[Excerpts from a dataset]
BEGIN
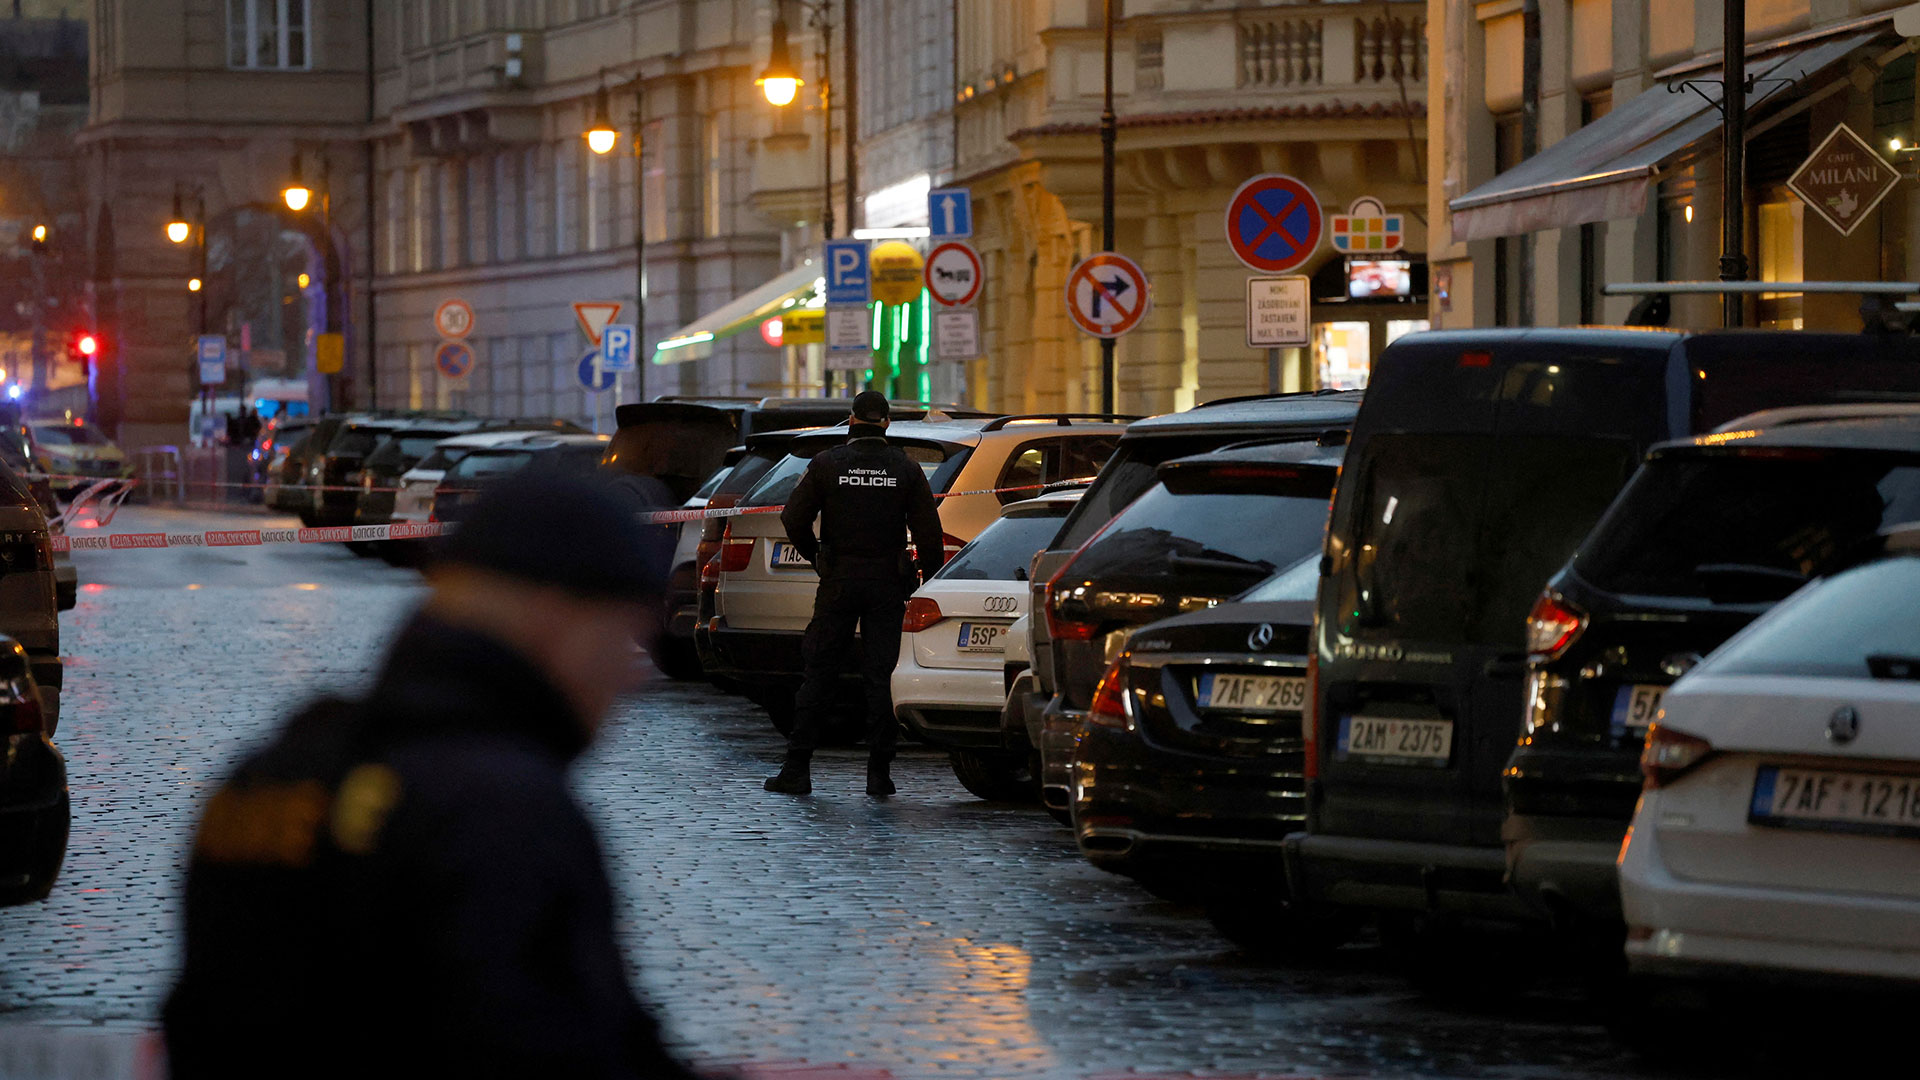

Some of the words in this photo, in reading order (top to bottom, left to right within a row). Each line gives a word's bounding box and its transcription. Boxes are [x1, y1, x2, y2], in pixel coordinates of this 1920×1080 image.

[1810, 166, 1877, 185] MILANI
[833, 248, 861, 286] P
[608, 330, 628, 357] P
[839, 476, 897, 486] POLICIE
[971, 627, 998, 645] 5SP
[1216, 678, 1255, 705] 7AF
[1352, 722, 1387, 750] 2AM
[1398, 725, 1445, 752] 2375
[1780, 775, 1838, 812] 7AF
END
Set the entries down exactly, but not the pictures.

Some of the words in this photo, in reading order (top to bottom, left to right within a row). Each line gives a word's bounding box and its transcription. Boxes are [x1, y1, x2, y2], in pixel coordinates of this 1920×1080 image.

[1810, 166, 1877, 185] MILANI
[833, 248, 861, 286] P
[608, 330, 628, 357] P
[839, 476, 897, 486] POLICIE
[971, 627, 998, 645] 5SP
[1216, 678, 1255, 705] 7AF
[1352, 722, 1387, 750] 2AM
[1398, 725, 1445, 752] 2375
[1780, 775, 1838, 812] 7AF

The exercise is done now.